Machine Translated by Google
note that several attributes generated in the pipeline described in this document appear among the most
important.
The current model was submitted on the Xente platform, although the challenge has already
ended, it still accepts new submissions. Thus, the score obtained in the model described in this document
was 0.75, as shown in Figure 14. This result ranks among the Top 70 best results obtained. The
19
evaluation metrics used were: F1-score; precision; and Recall.
20
Figure 14: Submission and the result achieved on the platform using the proposed model.

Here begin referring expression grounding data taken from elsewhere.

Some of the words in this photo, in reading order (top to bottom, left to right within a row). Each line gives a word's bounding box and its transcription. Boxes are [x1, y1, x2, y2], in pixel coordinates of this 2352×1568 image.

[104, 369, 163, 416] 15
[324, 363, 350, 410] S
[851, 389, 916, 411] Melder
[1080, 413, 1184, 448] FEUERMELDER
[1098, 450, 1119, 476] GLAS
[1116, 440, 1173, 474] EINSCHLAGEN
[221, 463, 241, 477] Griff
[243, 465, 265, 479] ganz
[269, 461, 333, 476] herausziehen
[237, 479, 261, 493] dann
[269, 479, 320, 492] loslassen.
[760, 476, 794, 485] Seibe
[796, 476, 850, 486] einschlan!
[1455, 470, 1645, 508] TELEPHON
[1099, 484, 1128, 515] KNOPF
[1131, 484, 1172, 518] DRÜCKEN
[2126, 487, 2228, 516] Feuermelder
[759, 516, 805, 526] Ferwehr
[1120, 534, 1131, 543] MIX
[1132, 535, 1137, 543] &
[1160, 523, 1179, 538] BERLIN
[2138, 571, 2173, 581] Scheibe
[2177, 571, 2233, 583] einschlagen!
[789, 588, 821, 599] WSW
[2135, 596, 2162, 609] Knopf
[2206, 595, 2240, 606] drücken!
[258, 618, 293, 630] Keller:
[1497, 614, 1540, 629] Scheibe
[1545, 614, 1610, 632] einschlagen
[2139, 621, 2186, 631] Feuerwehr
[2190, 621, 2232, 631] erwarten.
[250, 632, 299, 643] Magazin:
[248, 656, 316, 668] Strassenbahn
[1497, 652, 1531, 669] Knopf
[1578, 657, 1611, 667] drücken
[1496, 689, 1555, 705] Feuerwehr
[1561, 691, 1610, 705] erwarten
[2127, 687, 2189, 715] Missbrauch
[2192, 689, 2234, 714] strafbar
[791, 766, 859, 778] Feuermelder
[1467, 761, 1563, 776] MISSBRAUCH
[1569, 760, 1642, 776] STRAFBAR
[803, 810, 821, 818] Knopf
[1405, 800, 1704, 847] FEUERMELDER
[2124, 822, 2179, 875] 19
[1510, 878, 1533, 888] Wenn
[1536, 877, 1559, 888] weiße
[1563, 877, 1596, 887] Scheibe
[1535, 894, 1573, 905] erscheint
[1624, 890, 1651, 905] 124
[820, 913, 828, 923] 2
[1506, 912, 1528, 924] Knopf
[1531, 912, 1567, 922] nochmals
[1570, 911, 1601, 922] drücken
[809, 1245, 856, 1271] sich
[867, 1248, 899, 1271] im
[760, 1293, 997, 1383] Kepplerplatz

Furthermore, the result obtained ranks among the Top 70 best results obtained, which can be
accessed via the Rank link. The score adopted by the creators of the competition is based on three
metrics: • F1 Score
• Precision
• Recall/Sensitivity/True Positive Rate (TPR)
19
https://zindi.africa/competitions/xente-fraud-detection-challenge/leaderboard (accessed on
12/08/2019).
20A full description of each cited metric can be found at: https://en.wikipedia.org/
wiki/Receiver_operating_characteristic (accessed on 12/08/2019).

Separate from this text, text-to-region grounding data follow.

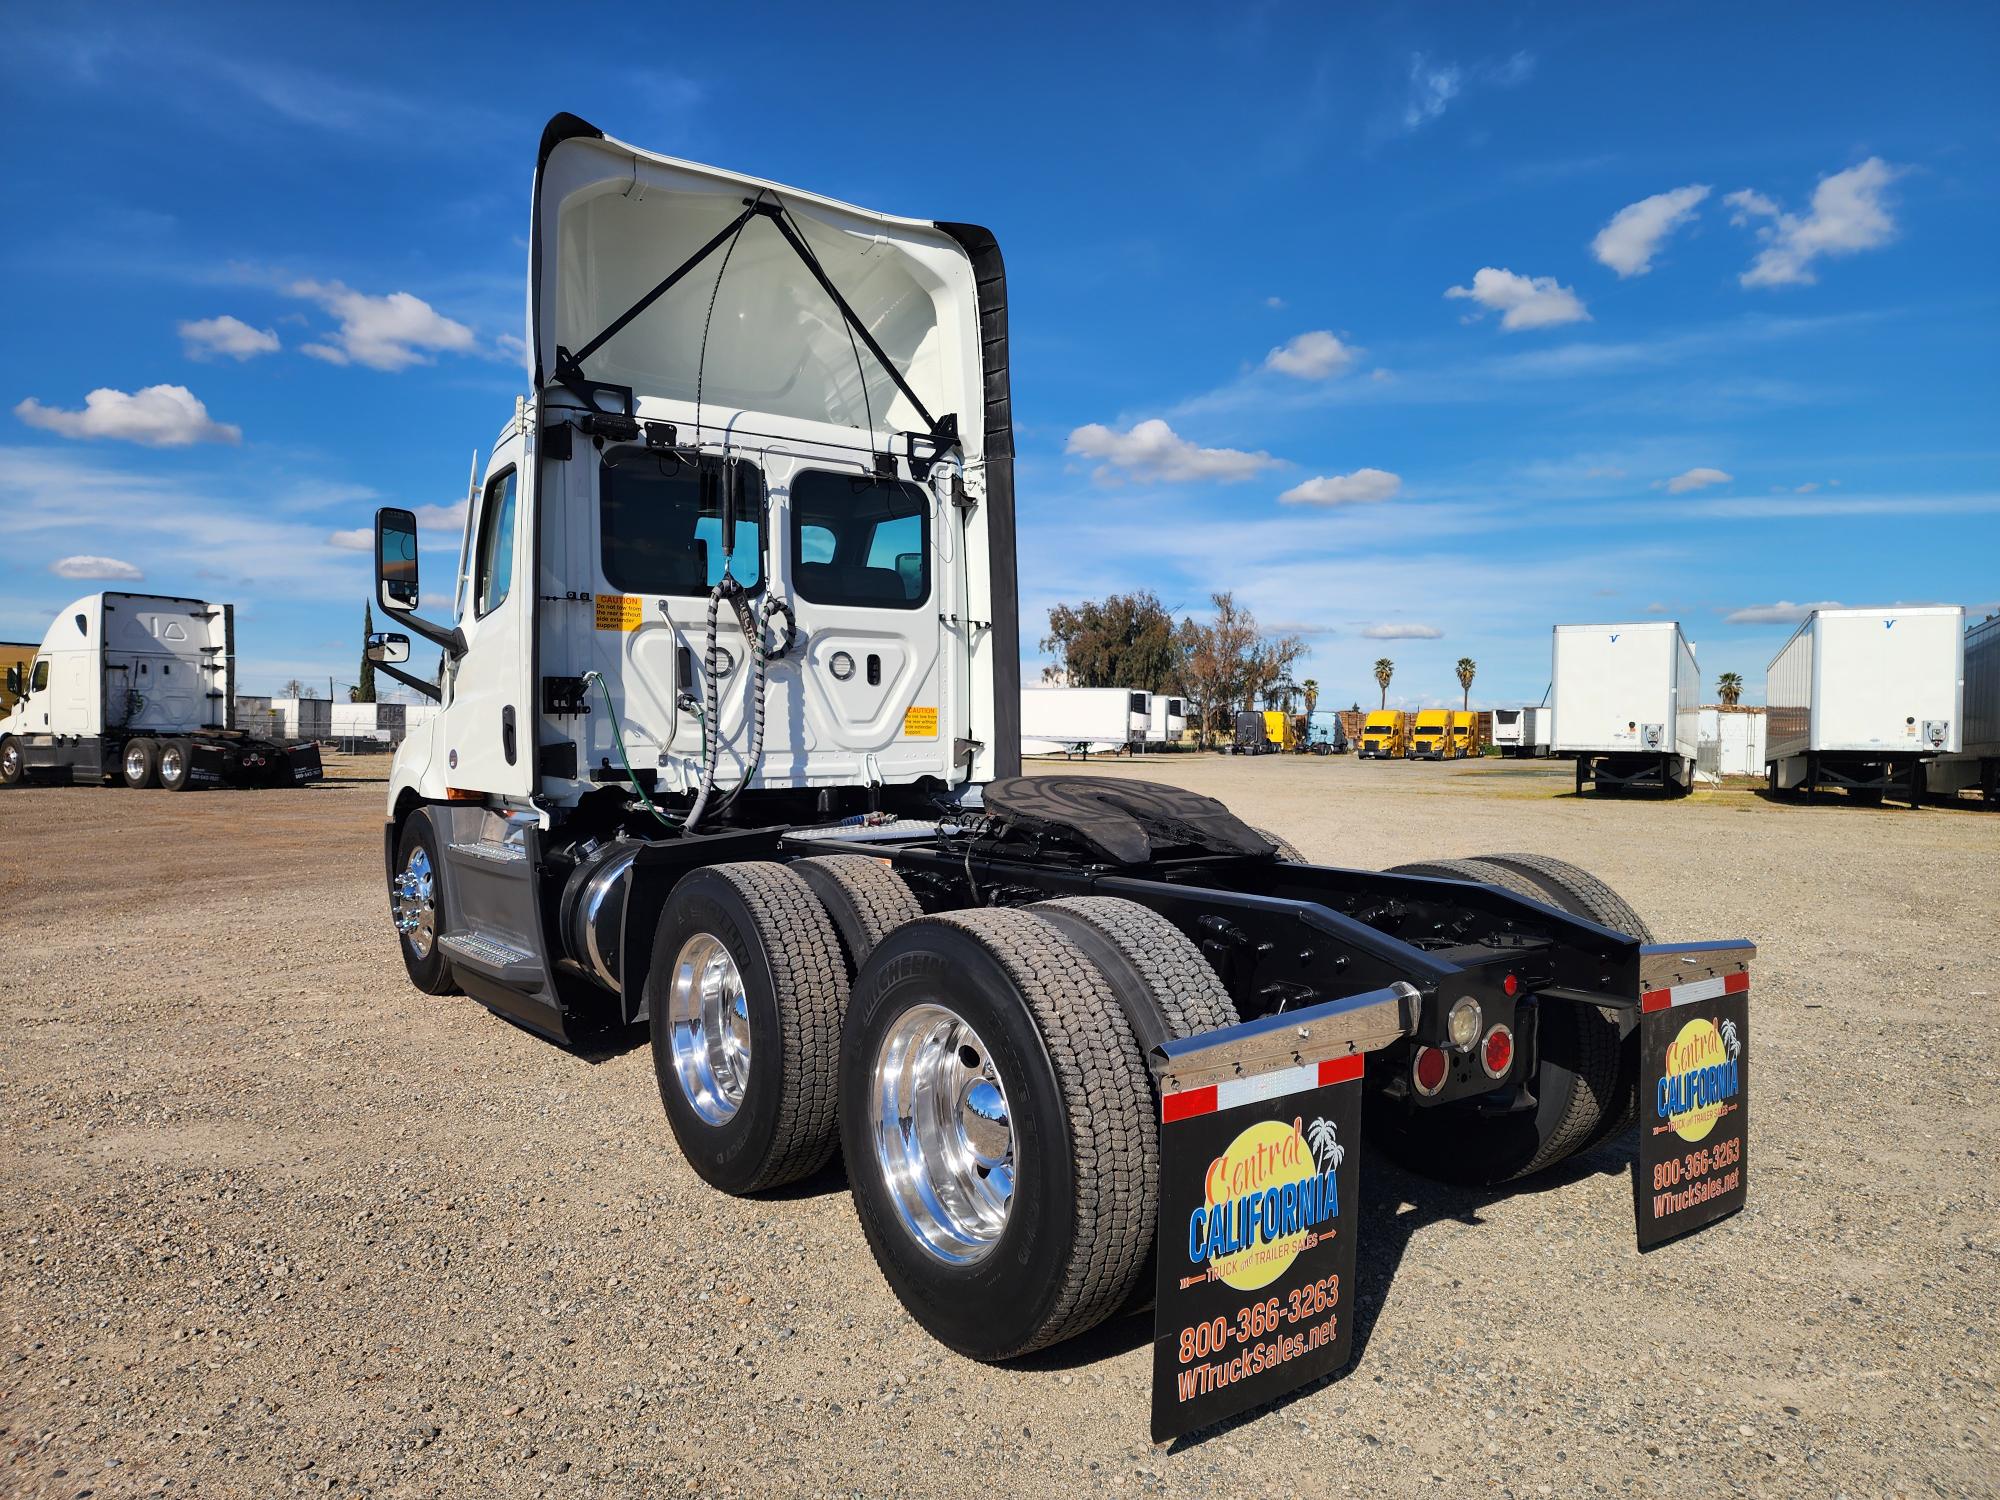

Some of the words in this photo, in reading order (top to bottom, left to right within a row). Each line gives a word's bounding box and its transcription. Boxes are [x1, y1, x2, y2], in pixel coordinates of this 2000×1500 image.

[601, 596, 638, 604] CAUTION
[740, 604, 757, 650] TECTRA
[1666, 1017, 1719, 1078] Central
[1657, 1058, 1739, 1118] CALIFORNIA
[1667, 1118, 1685, 1134] TRUCK
[1694, 1110, 1713, 1126] TRAILER
[1713, 1104, 1728, 1121] SALES
[1205, 1117, 1303, 1206] Central
[1653, 1137, 1740, 1190] 800-366-3263
[1189, 1170, 1340, 1263] CALIFORNIA
[1653, 1167, 1740, 1219] WTruckSales.net
[1206, 1259, 1238, 1283] TRUCK
[1240, 1253, 1253, 1272] and
[1254, 1247, 1290, 1270] TRAILER
[1291, 1232, 1319, 1256] SALES
[1178, 1274, 1340, 1364] 800-366-3263
[1177, 1316, 1338, 1403] WTruckSales.net

Machine Translated by Google
Financial analysis
When a False Positive occurs, that is, a genuine transaction is classified as fraud, the consumer
cannot make the purchase and, therefore, the bank, by denying the transaction, fails to receive the
operating margin that is calculated based on the transaction value that would be fulfilled. Therefore, to
calculate this cost, it is necessary to know the percentage destined to the bank for each transaction,
based on the purchase value. In Brazil, this value is around 1% to 5% in credit card machines.
21 22
Therefore, the equation for calculating the Cost of False Positives (CFP) can be described as:
N
Cost of False Positives (CFP) = ÿ Vi
i=1
Where, V indicates the value of transactions classified as False Positives, given that N is the
number of False Positives of the classifier.

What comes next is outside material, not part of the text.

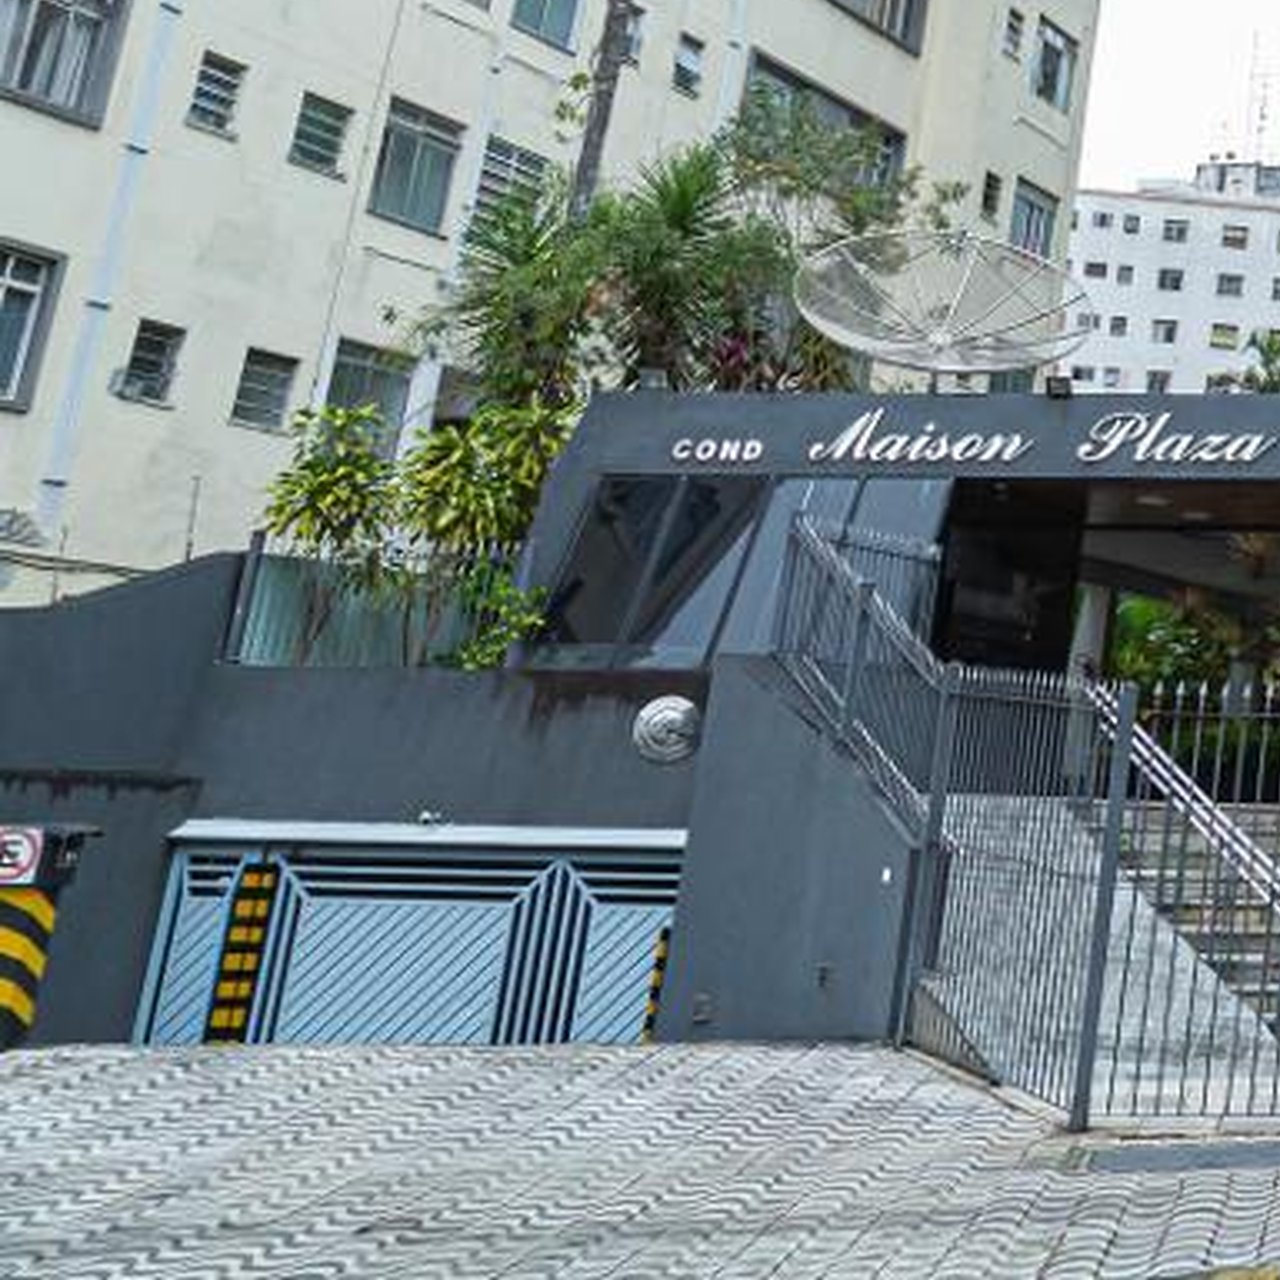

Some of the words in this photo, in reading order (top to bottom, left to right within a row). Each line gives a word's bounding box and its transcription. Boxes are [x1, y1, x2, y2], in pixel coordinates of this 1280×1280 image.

On the other hand, when a False Negative occurs, that is, the bank classifies a fraudulent
transaction as genuine, the bank must bear the loss of the operation, being 100% of the transaction
value, so the Cost of False Negatives (CFN) can be described
What:
N
Cost of False Negatives (CFN) = alpha × ÿ Vi
i=1
Where, alpha is the percentage of bank profit on a debit/credit transaction, V indicates the
value of transactions that the classifier made of the False Negative type. Therefore, the objective of
this optimization function is to minimize the equation:
This idea can be used in the context of fraud detection, since a False Positive will result in a
certain discomfort for the customer who, when swiping the card, will have his transaction denied, in
addition to the credit network losing a margin of its profit ( participation in the transaction). While a True
Negative amounts to a complete loss, once a fraudulent transaction has been approved by the credit
network and the customer will demand a reversal of the invoice.
21
https://www.visa.com.br/sobre-a-visa/geral/taxas-intercambio.html
22
https://www.hnb.net/images/bank-downloads/card-center/agreement-english.pdf
Machine Translated by Google
Considering the model trained with CatBoost, the bank managed to save the estimated
loss amount of R$ 1,441,922.20. In this way, the model made it possible to avoid more than
99.9% of the total loss to the company's coffers.
Conclusion
The main conclusions of the experiments developed here showed that:
• We observed that discarding highly correlated attributes allowed the model to
remain competitive with other competitors. • The new attributes created helped
the model to achieve the expected performance, identified using the SHAP model
interpreter implemented in CatBoost.